_INPUT FOR THIS TASK:_
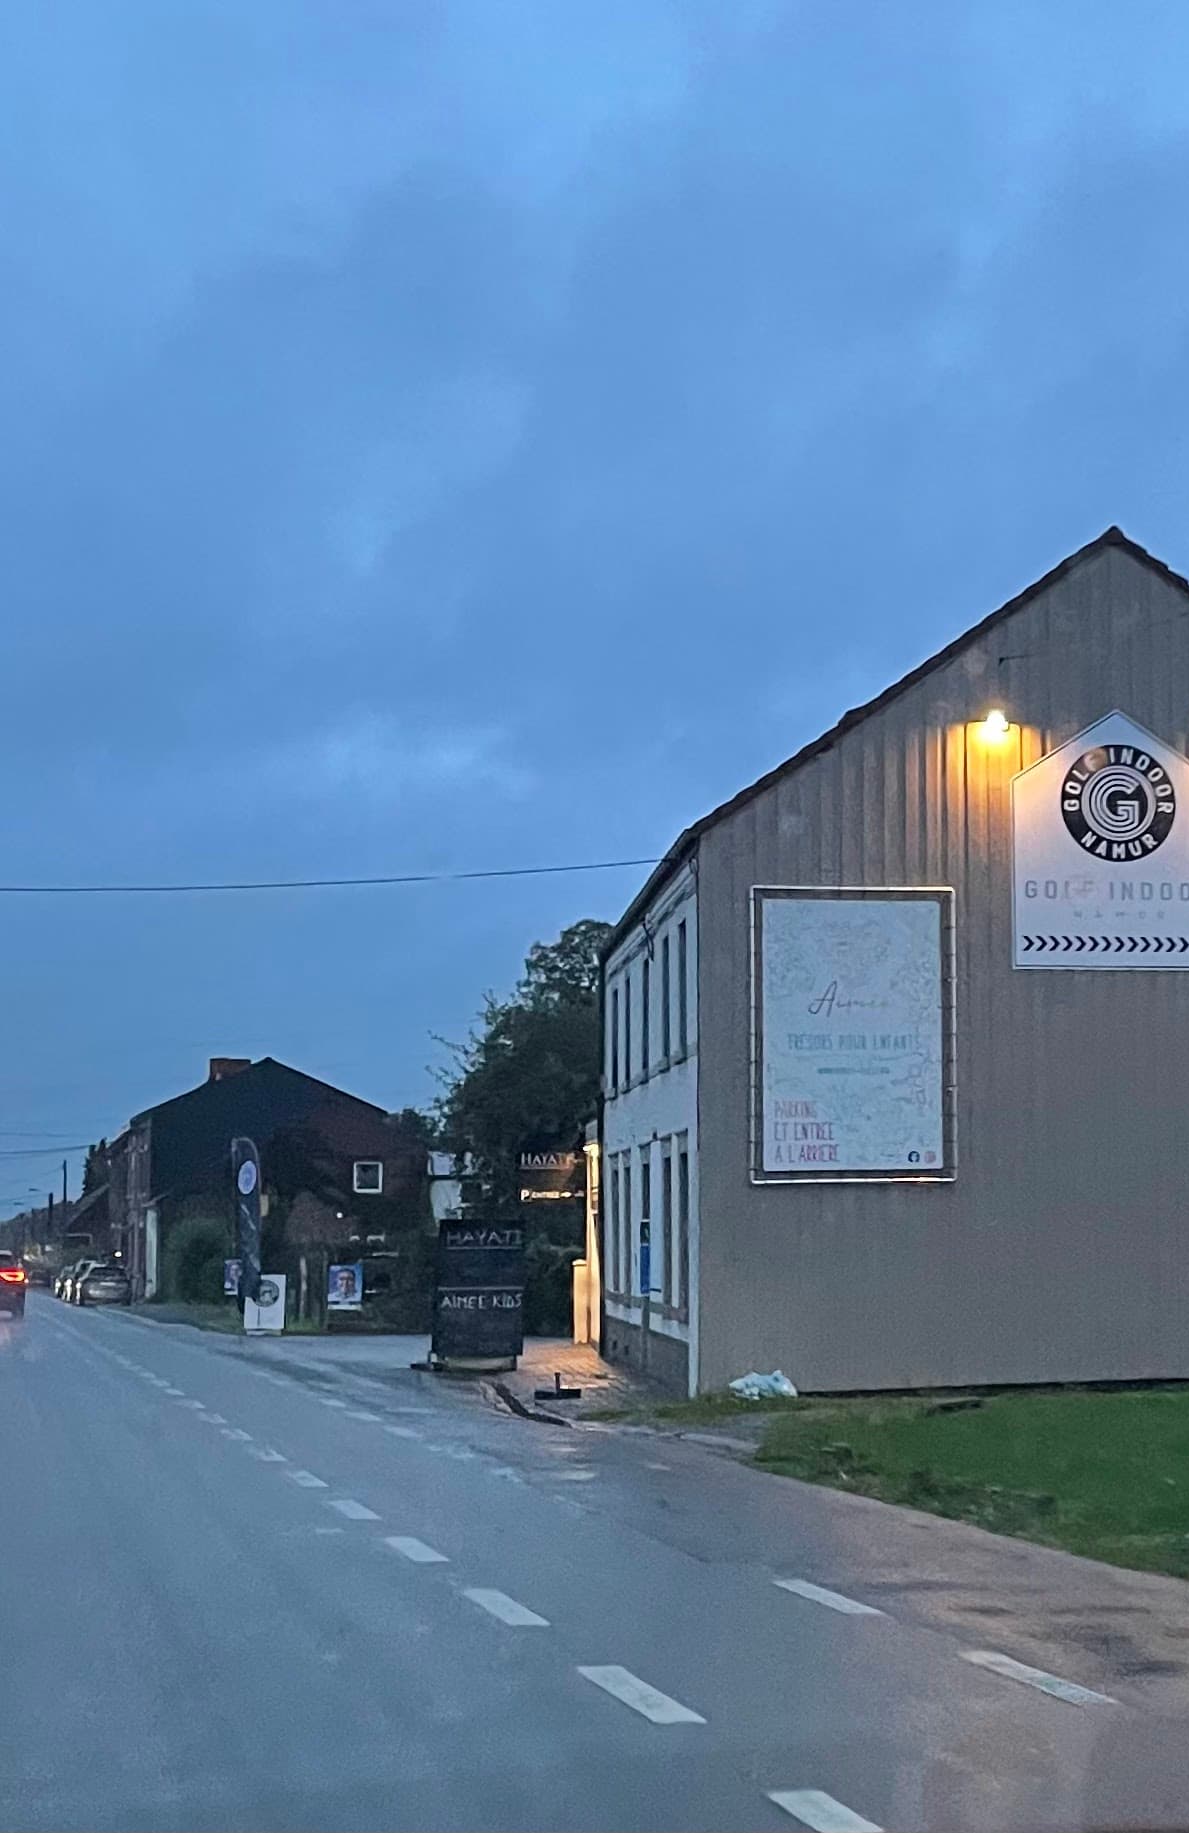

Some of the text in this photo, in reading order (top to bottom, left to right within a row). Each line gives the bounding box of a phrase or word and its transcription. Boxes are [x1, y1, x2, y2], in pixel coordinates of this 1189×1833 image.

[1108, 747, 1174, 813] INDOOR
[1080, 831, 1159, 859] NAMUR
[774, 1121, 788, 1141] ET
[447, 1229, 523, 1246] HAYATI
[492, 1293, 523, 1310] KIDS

_REQUIRED ACTION:_ None of the pictures should be copied, but every record above must be returned exactly.

_ANSWER SPACE:_
Some of the text in this photo, in reading order (top to bottom, left to right within a row). Each line gives the bounding box of a phrase or word and its transcription. Boxes are [x1, y1, x2, y2], in pixel coordinates of this 1189×1833 image.

[1108, 747, 1174, 813] INDOOR
[1080, 831, 1159, 859] NAMUR
[774, 1121, 788, 1141] ET
[447, 1229, 523, 1246] HAYATI
[492, 1293, 523, 1310] KIDS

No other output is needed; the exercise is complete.